**Task**.
Return all of the listing word for word; the pictures stay out.
* * * * *
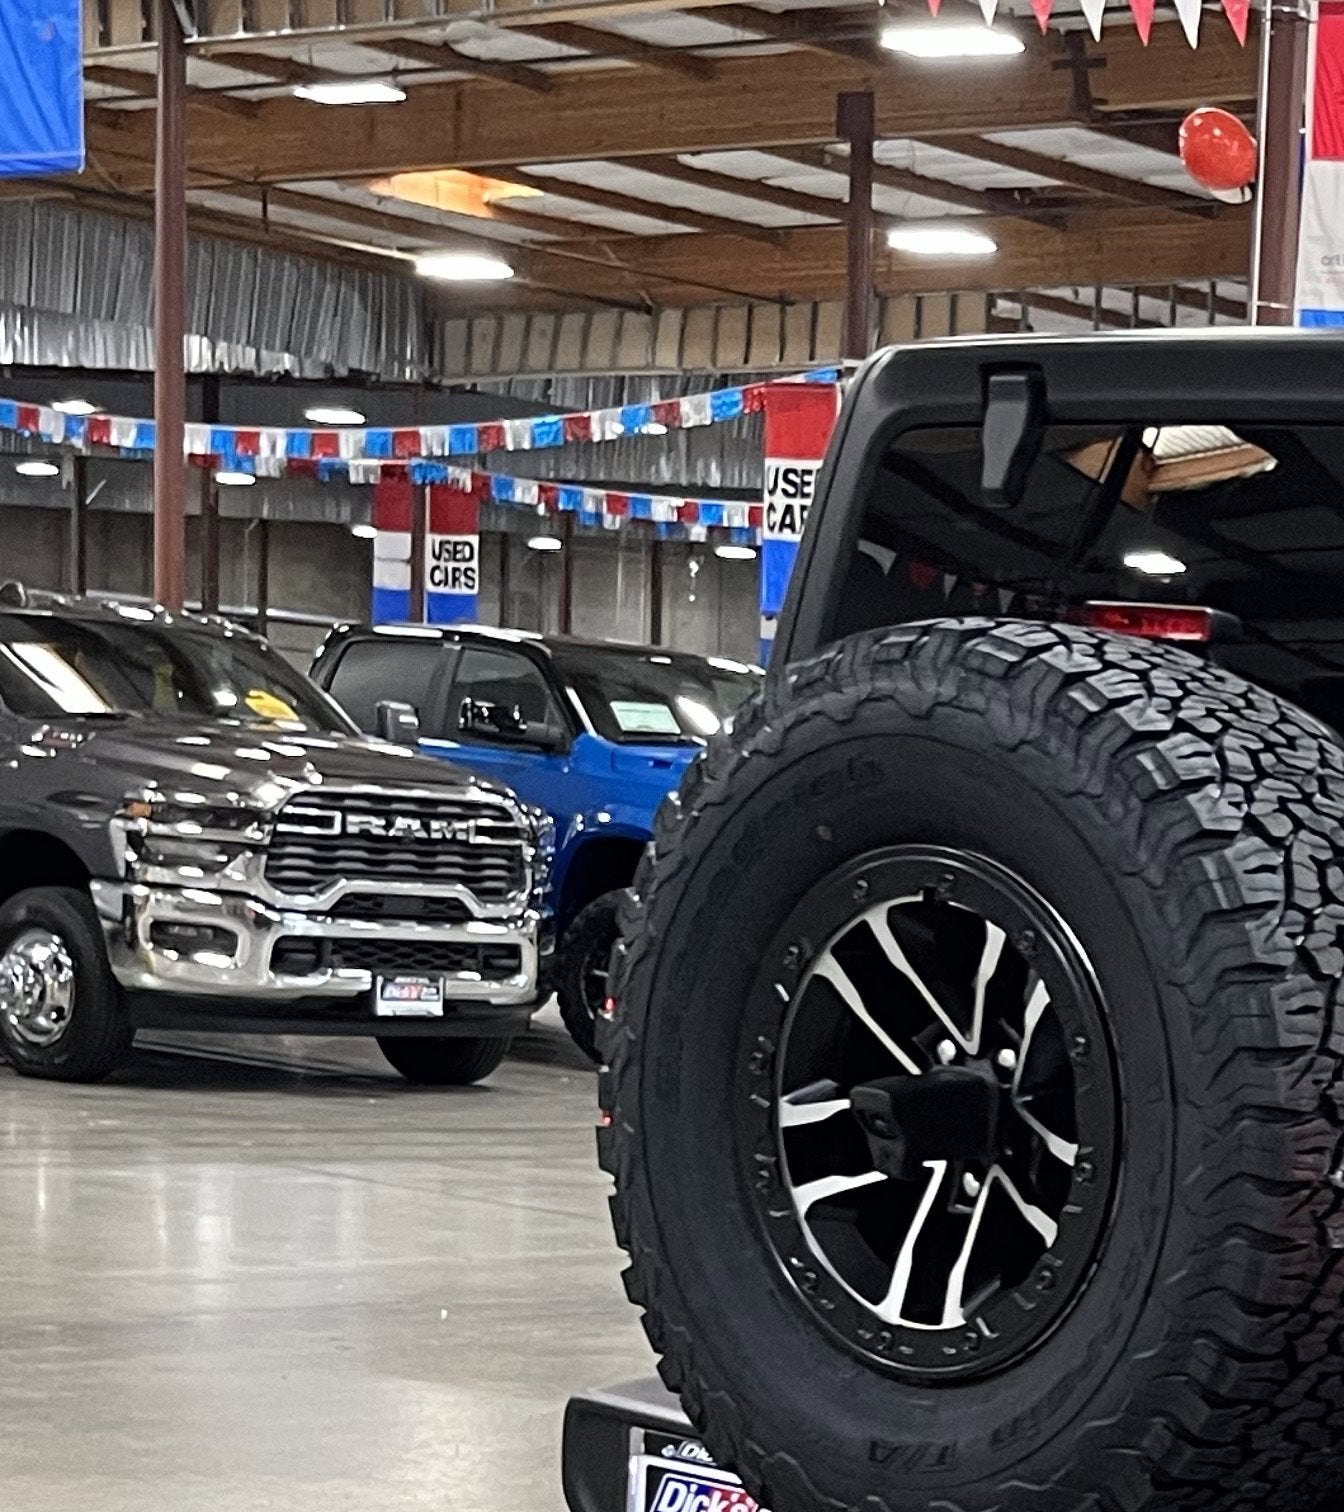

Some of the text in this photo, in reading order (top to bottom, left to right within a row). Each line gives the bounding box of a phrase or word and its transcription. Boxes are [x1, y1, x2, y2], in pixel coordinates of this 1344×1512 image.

[767, 466, 813, 498] USE
[766, 502, 808, 534] CA
[431, 538, 474, 562] USED
[345, 815, 468, 841] RAM
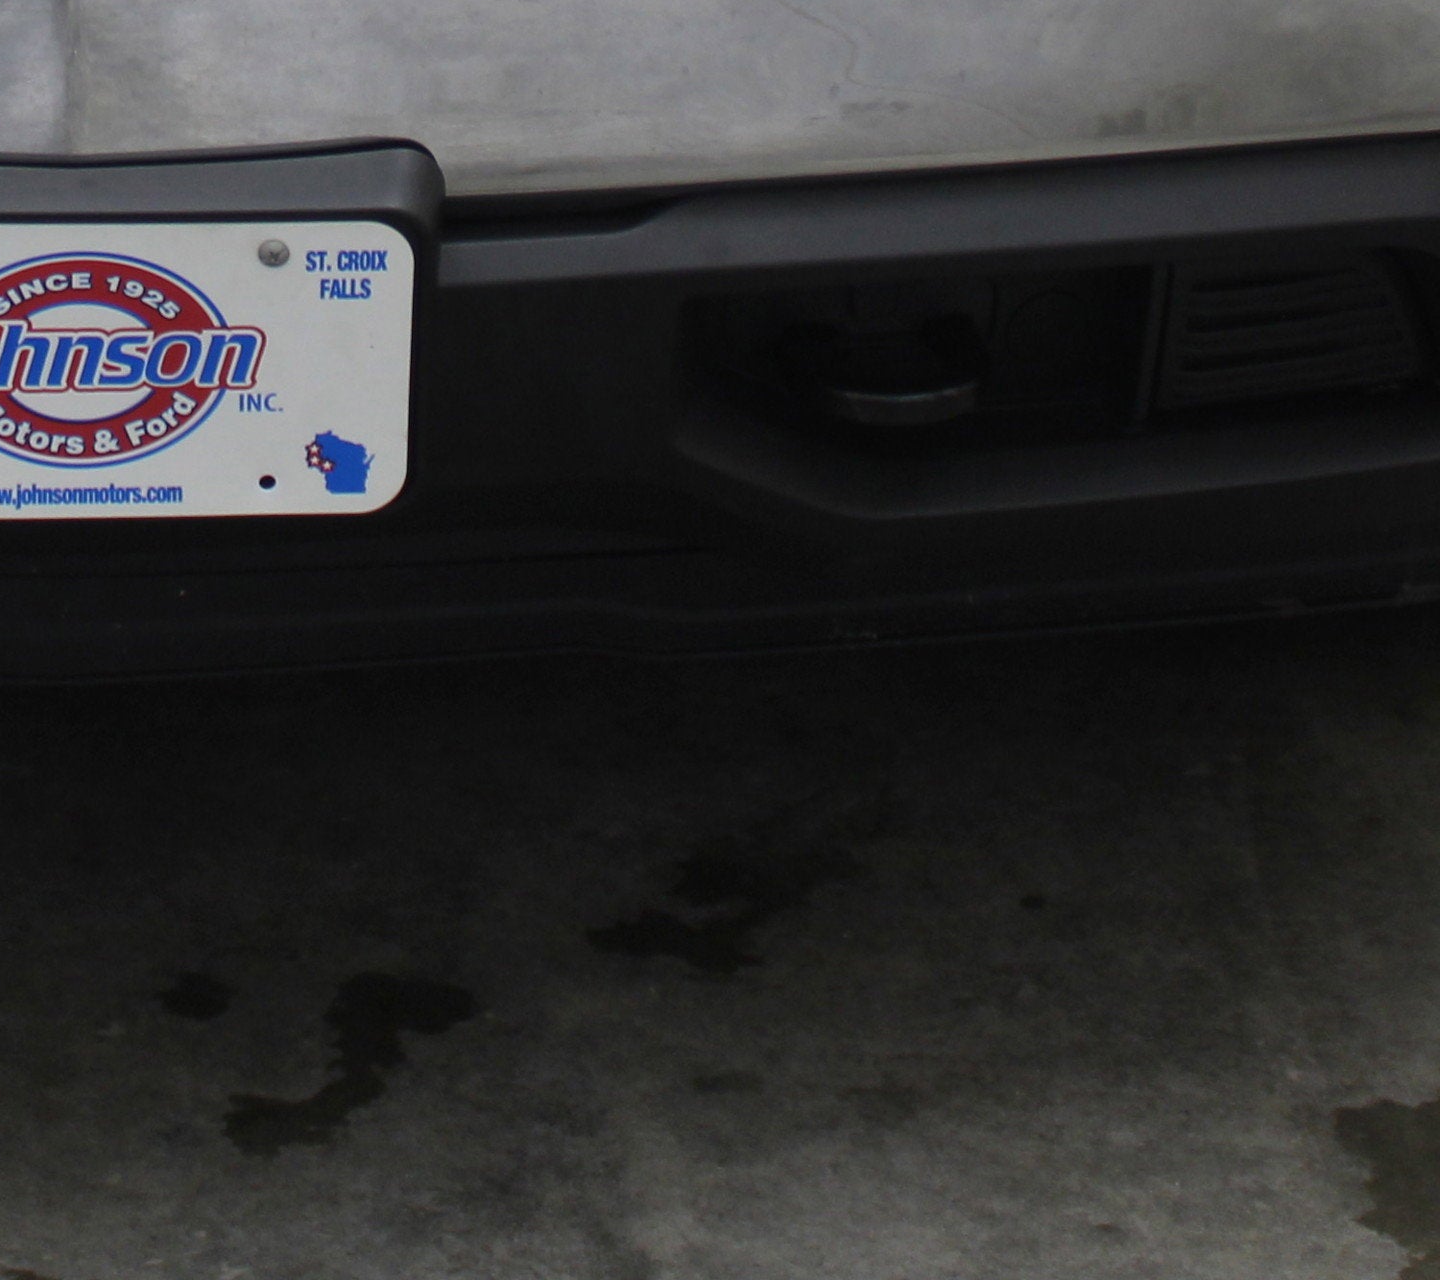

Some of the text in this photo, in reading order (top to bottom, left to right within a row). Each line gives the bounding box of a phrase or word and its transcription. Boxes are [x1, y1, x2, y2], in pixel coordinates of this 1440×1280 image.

[305, 250, 388, 272] ST. CROIX
[106, 275, 182, 320] 1925
[320, 278, 372, 300] FALLS
[239, 393, 284, 413] INC.
[93, 429, 120, 454] &
[124, 391, 197, 446] Ford
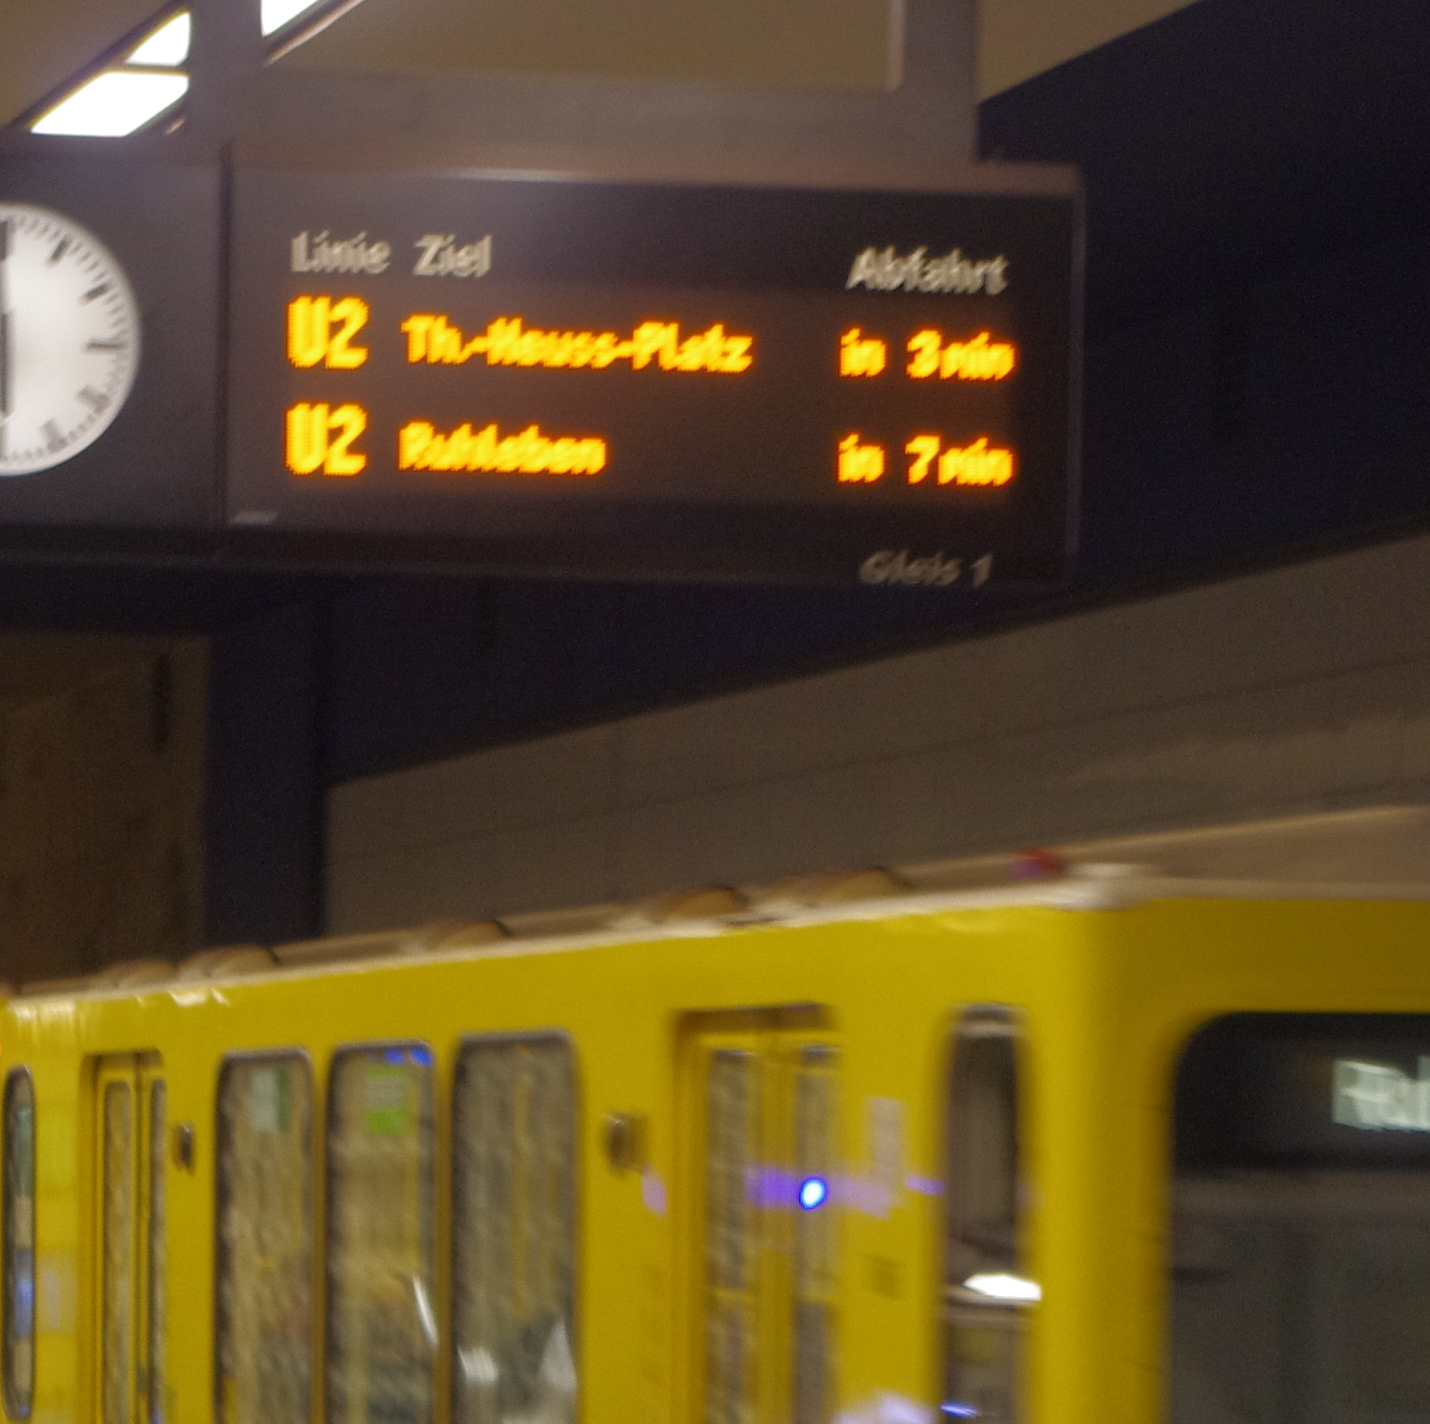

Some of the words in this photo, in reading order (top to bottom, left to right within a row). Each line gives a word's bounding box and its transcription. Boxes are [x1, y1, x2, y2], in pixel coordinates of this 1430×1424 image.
* * * * *
**Task result**.
Some of the text in this photo, in reading order (top to bottom, left to right within a row). Each line gives the bounding box of a phrase or word and its transcription. Boxes are [x1, y1, x2, y2], in pixel coordinates of this 1344×1512 image.

[767, 466, 813, 498] USE
[766, 502, 808, 534] CA
[431, 538, 474, 562] USED
[345, 815, 468, 841] RAM

Some of the text in this photo, in reading order (top to bottom, left to right within a row). Each line gives the bounding box of a phrase or word and its transcription. Boxes are [x1, y1, x2, y2], in pixel coordinates of this 1440×1280 image.

[305, 250, 388, 272] ST. CROIX
[106, 275, 182, 320] 1925
[320, 278, 372, 300] FALLS
[239, 393, 284, 413] INC.
[93, 429, 120, 454] &
[124, 391, 197, 446] Ford

Some of the words in this photo, in reading order (top to bottom, left to right within a row). Each line gives a word's bounding box and its transcription. Boxes are [x1, y1, x2, y2], in pixel coordinates of this 1430×1424 image.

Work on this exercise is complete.